(Supplied data)

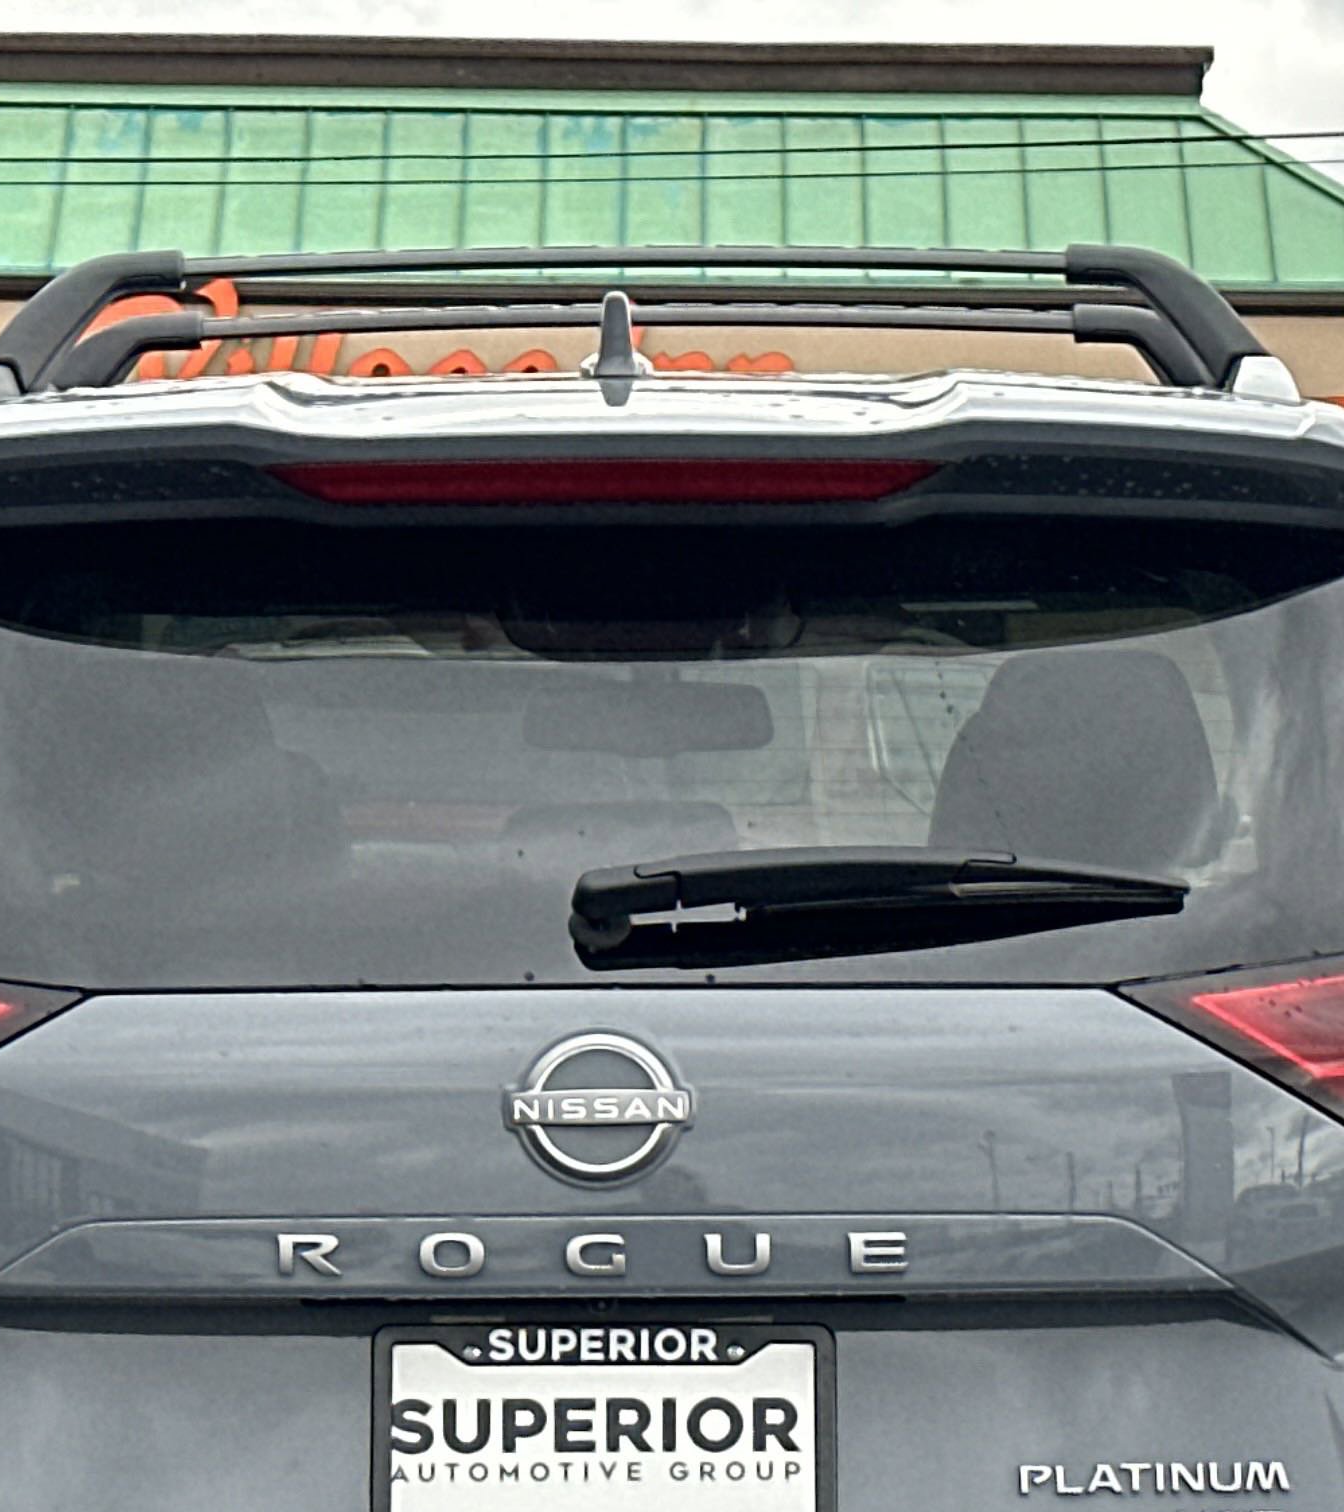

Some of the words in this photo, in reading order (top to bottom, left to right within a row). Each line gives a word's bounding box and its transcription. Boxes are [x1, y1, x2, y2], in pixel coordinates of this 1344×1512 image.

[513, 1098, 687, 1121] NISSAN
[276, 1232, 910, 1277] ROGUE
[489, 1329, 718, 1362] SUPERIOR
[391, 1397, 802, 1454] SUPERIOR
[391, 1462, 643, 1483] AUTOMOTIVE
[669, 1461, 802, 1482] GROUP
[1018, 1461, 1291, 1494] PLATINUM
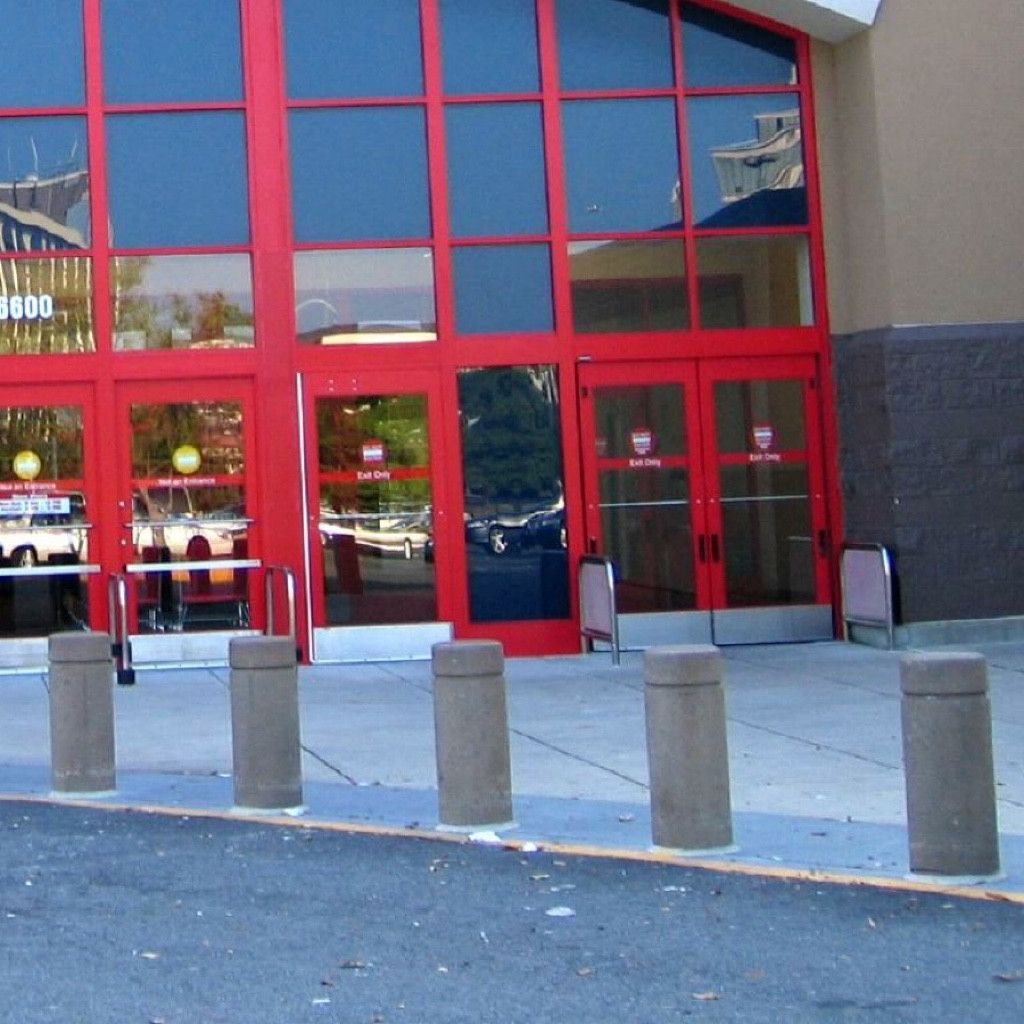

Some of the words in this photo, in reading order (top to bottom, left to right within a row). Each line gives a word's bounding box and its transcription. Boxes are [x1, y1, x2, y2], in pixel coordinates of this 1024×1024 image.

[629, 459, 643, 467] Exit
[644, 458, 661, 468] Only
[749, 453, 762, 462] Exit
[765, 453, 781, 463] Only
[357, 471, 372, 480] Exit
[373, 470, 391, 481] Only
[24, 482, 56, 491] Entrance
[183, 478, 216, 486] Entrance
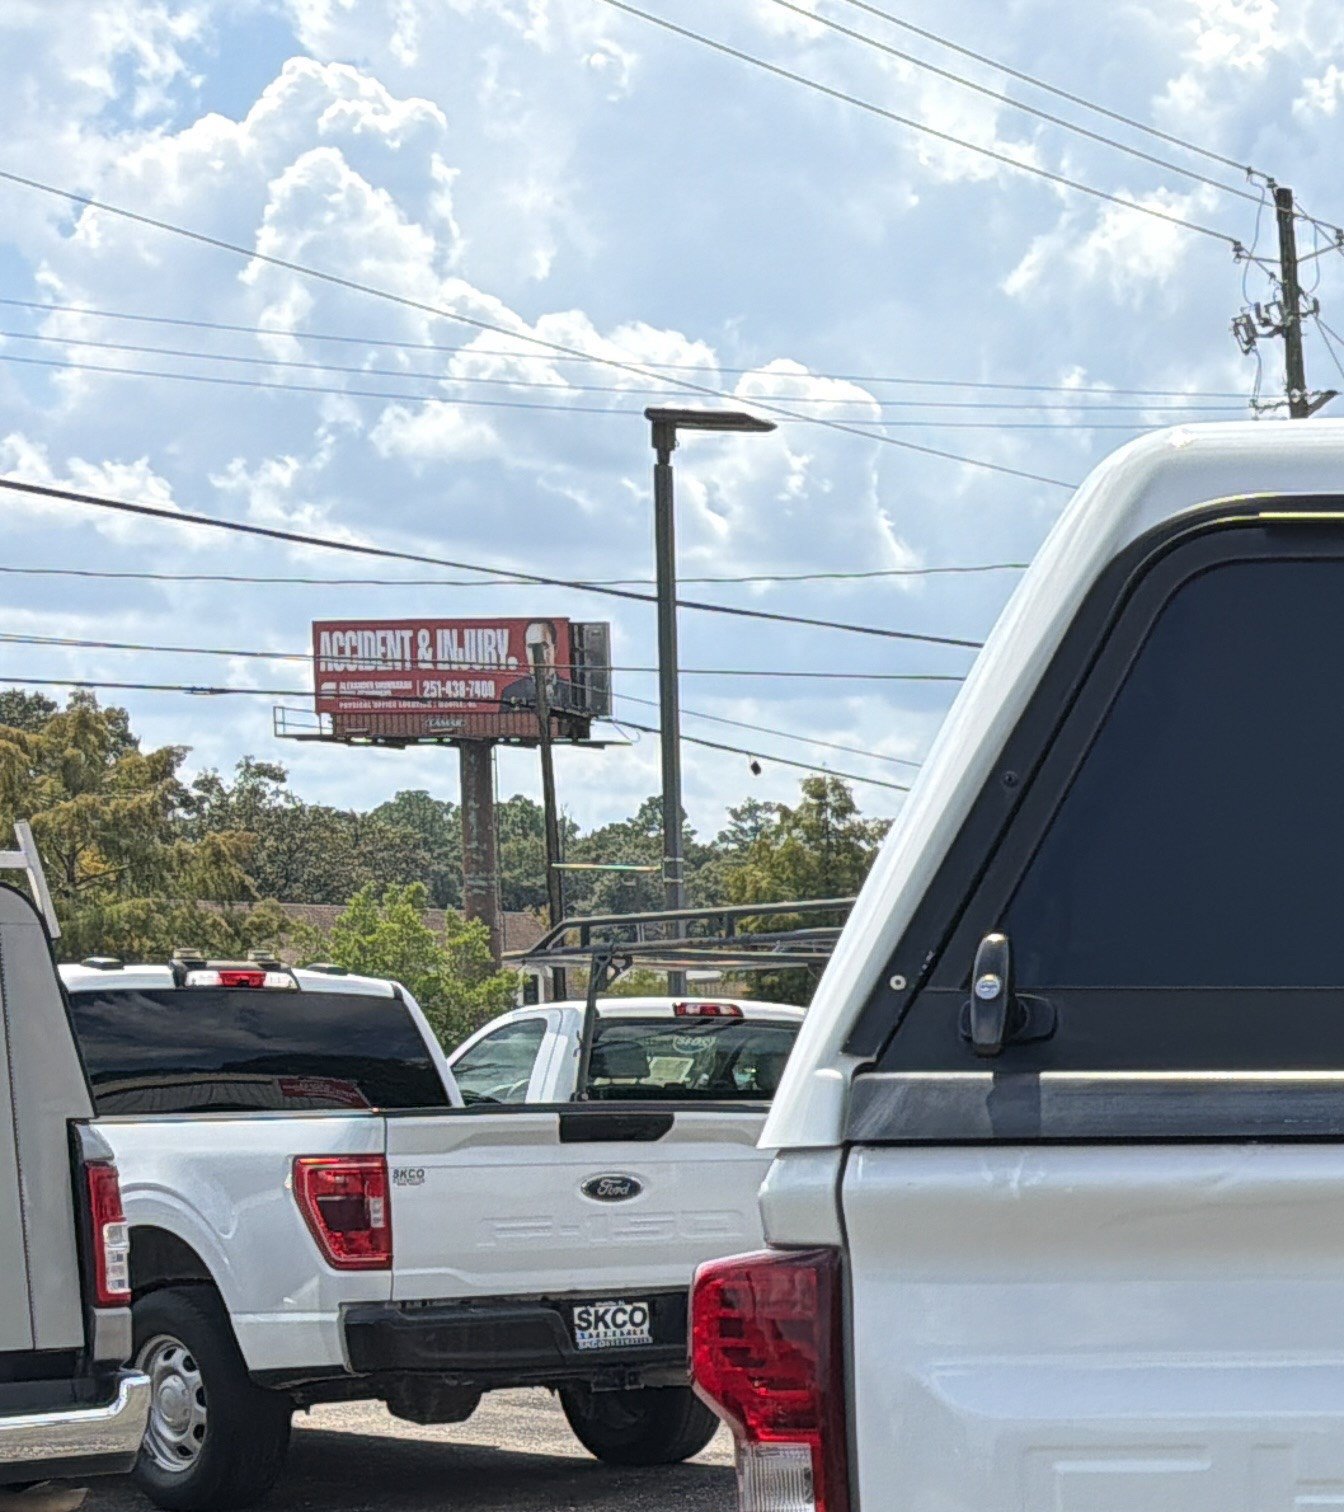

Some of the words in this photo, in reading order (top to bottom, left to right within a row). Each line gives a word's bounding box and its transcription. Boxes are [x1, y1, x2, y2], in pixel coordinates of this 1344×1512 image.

(End Supplied data)

- _Task details_: Print the material above exactly, skipping its images.

- _Answer for the task_:
Some of the words in this photo, in reading order (top to bottom, left to right within a row). Each line gives a word's bounding box and its transcription. Boxes are [x1, y1, x2, y2], in pixel coordinates of this 1344×1512 image.

[513, 1098, 687, 1121] NISSAN
[276, 1232, 910, 1277] ROGUE
[489, 1329, 718, 1362] SUPERIOR
[391, 1397, 802, 1454] SUPERIOR
[391, 1462, 643, 1483] AUTOMOTIVE
[669, 1461, 802, 1482] GROUP
[1018, 1461, 1291, 1494] PLATINUM

Some of the words in this photo, in reading order (top to bottom, left to right within a row). Each line gives a word's bounding box and its transcription. Boxes are [x1, y1, x2, y2], in pixel coordinates of this 1024×1024 image.

[629, 459, 643, 467] Exit
[644, 458, 661, 468] Only
[749, 453, 762, 462] Exit
[765, 453, 781, 463] Only
[357, 471, 372, 480] Exit
[373, 470, 391, 481] Only
[24, 482, 56, 491] Entrance
[183, 478, 216, 486] Entrance

Some of the words in this photo, in reading order (top to bottom, left to right within a row). Each line gives a word's bounding box and its transcription. Boxes are [x1, y1, x2, y2], in pixel coordinates of this 1344×1512 image.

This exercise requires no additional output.